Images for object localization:
--
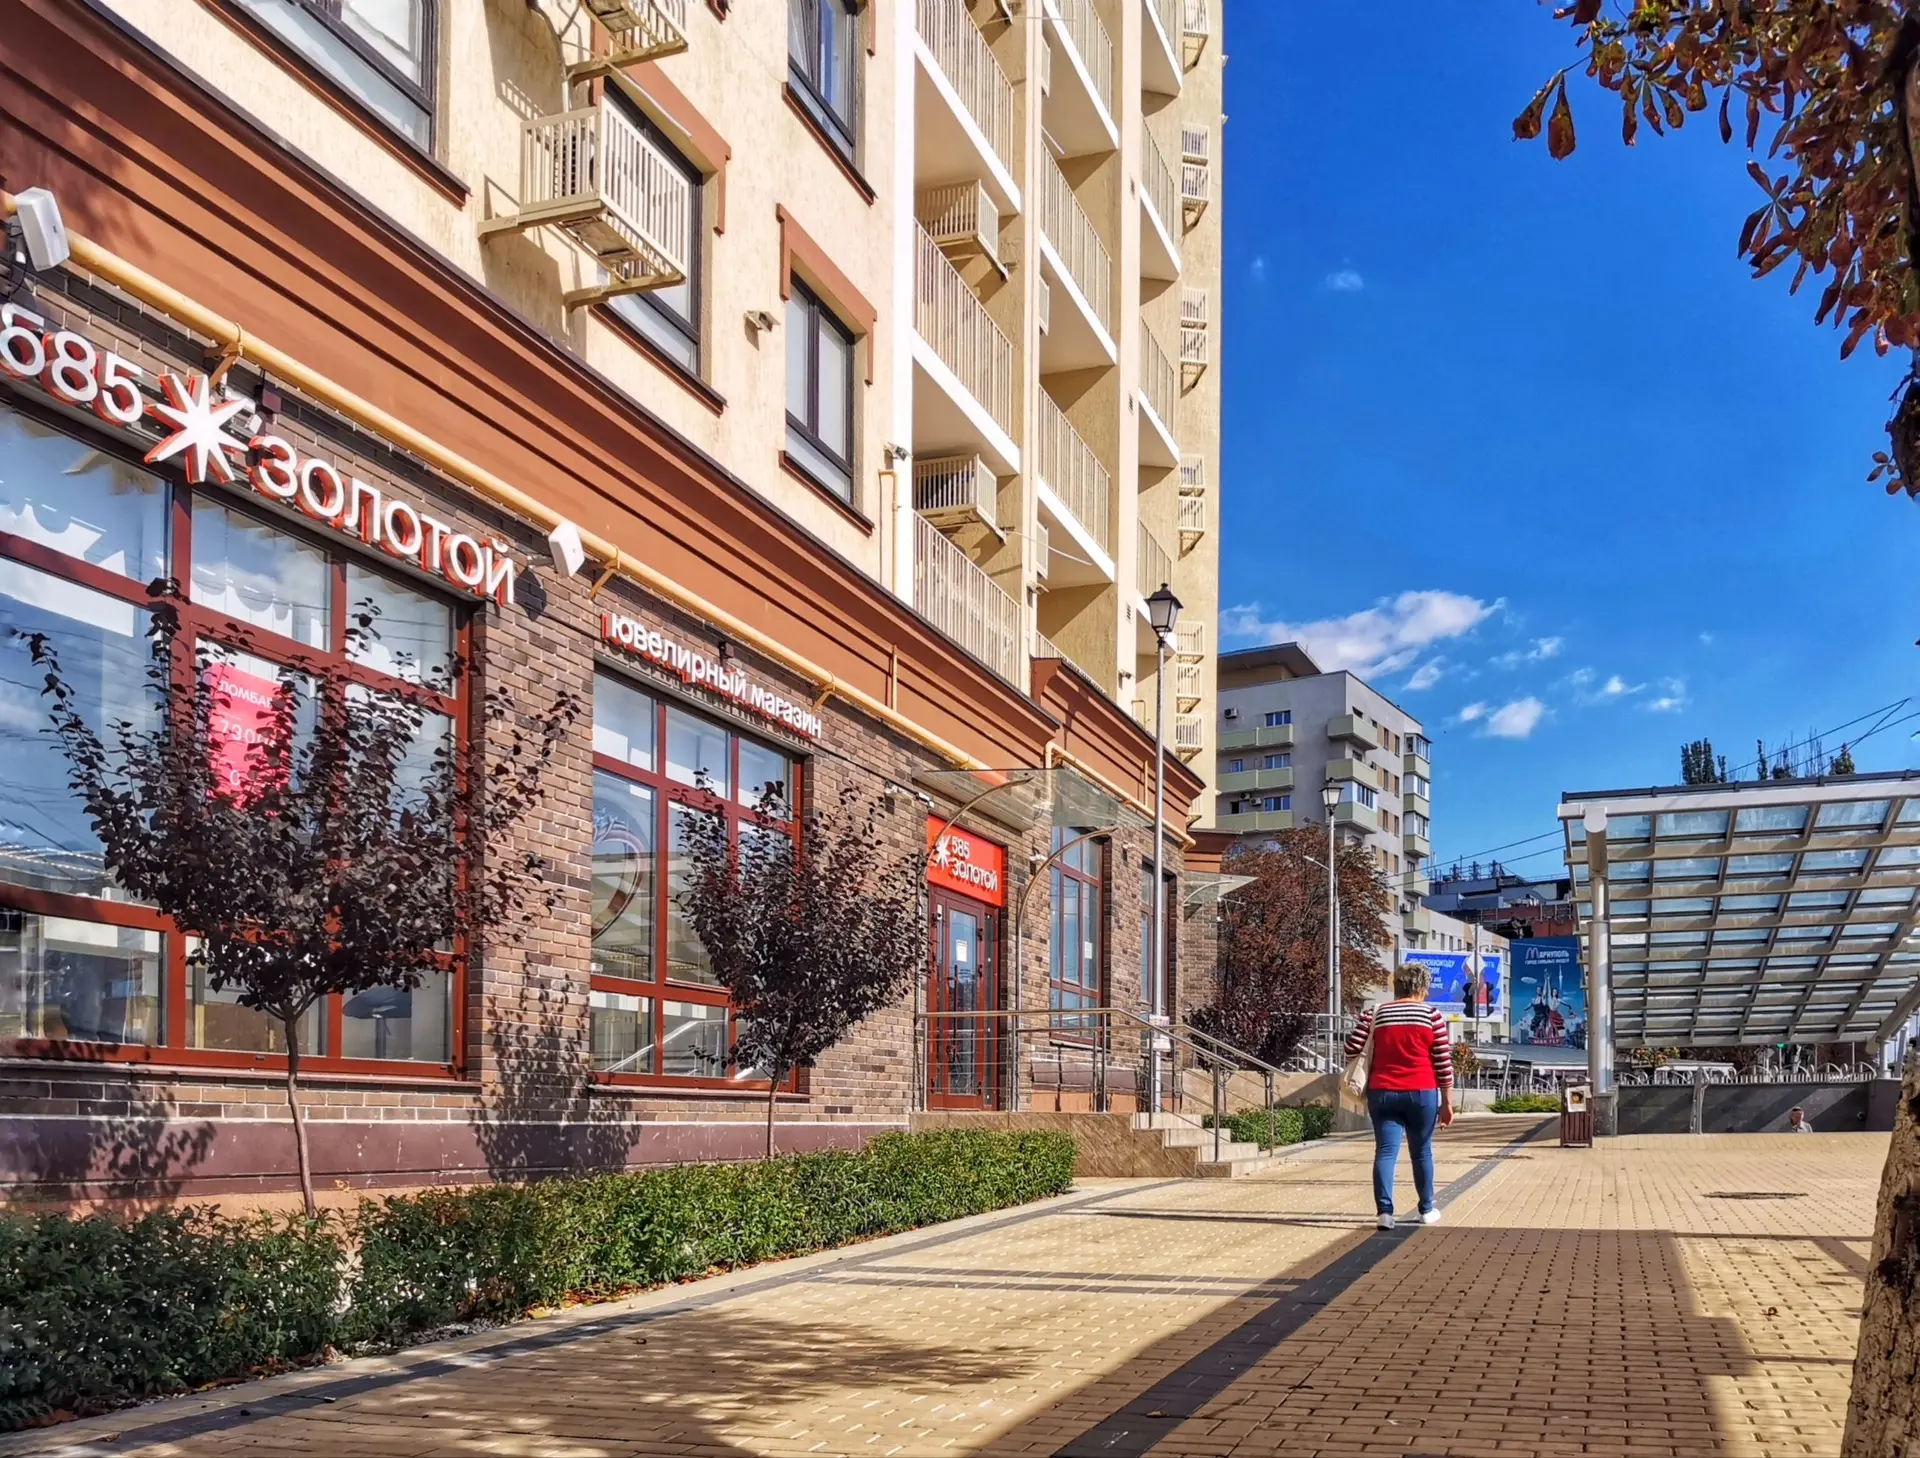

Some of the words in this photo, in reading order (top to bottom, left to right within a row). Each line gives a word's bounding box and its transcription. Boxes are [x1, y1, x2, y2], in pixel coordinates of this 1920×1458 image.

[219, 680, 274, 709] ЛОМБАР
[750, 684, 822, 740] магазин
[951, 835, 970, 860] 585
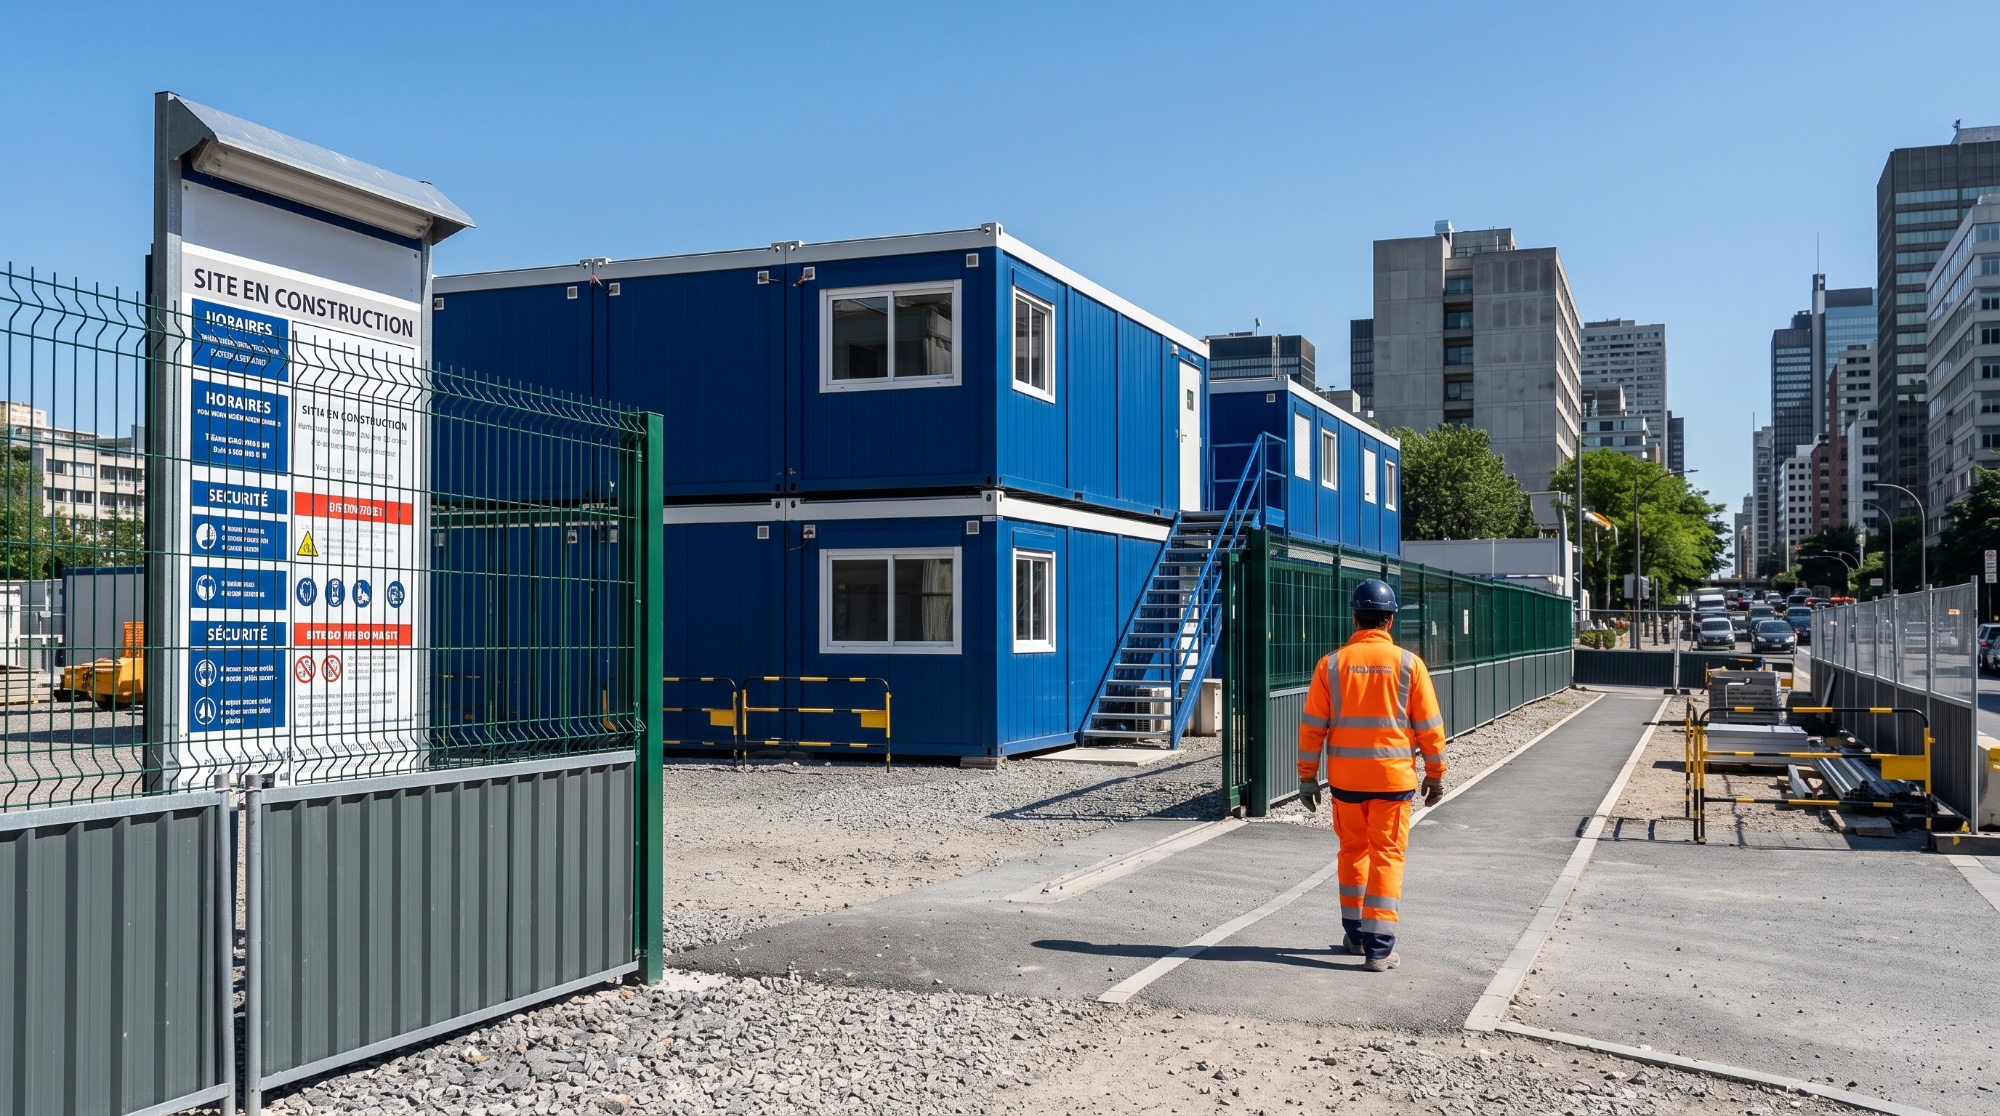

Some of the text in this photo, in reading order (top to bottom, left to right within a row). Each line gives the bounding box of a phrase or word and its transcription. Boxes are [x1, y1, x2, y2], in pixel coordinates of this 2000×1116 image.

[194, 268, 413, 338] SITE EN CONSTRUCTION
[205, 391, 271, 414] HORAIRES
[340, 412, 408, 431] CONSTRUCTION
[207, 624, 268, 641] SÉCURITÉ
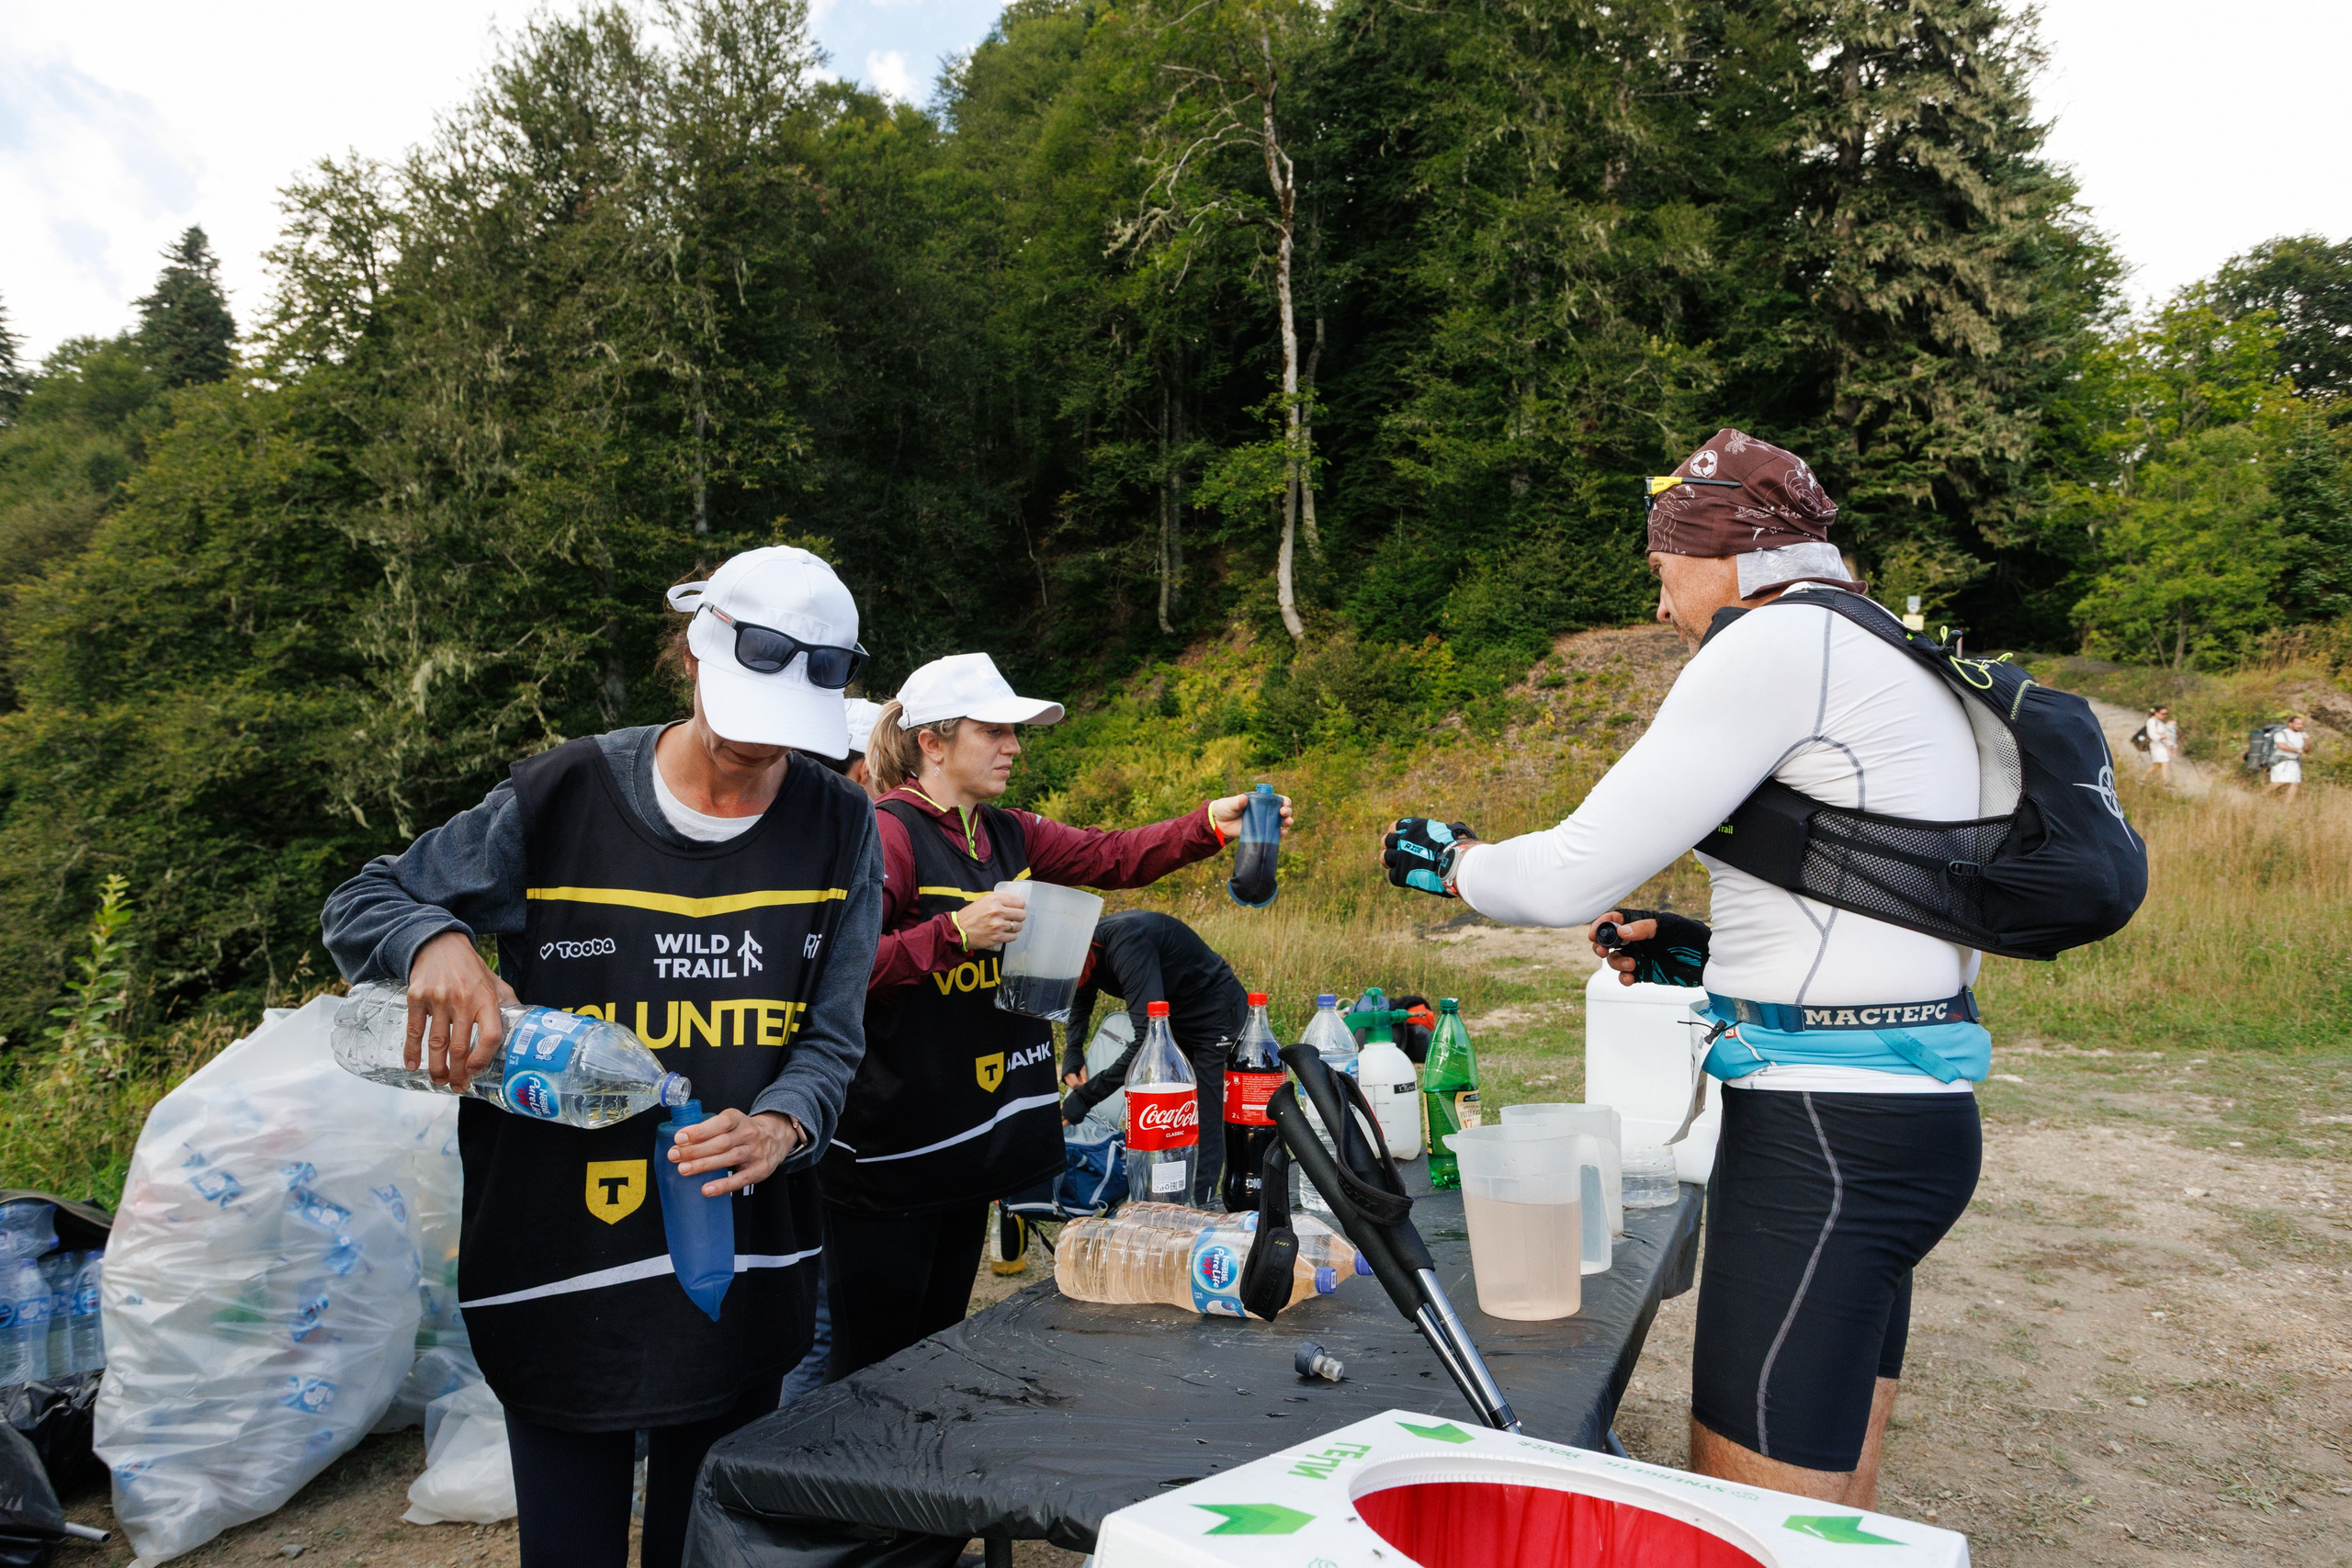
--
» Problem details:
Set down each entry above exactly as it appears. Omit the pictures.

» Exercise output:
Some of the words in this photo, in reading order (top to bottom, left to right within a row). Each line gives a word's bounding box and its transcription. Boxes are [x1, y1, x2, y2], in pixel coordinates of this 1920×1458 image.

[219, 680, 274, 709] ЛОМБАР
[750, 684, 822, 740] магазин
[951, 835, 970, 860] 585

Some of the text in this photo, in reading order (top to bottom, left to right within a row). Each line gives the bounding box of a phrase or word and its transcription. Boxes are [x1, y1, x2, y2], in pixel coordinates of this 2000×1116 image.

[194, 268, 413, 338] SITE EN CONSTRUCTION
[205, 391, 271, 414] HORAIRES
[340, 412, 408, 431] CONSTRUCTION
[207, 624, 268, 641] SÉCURITÉ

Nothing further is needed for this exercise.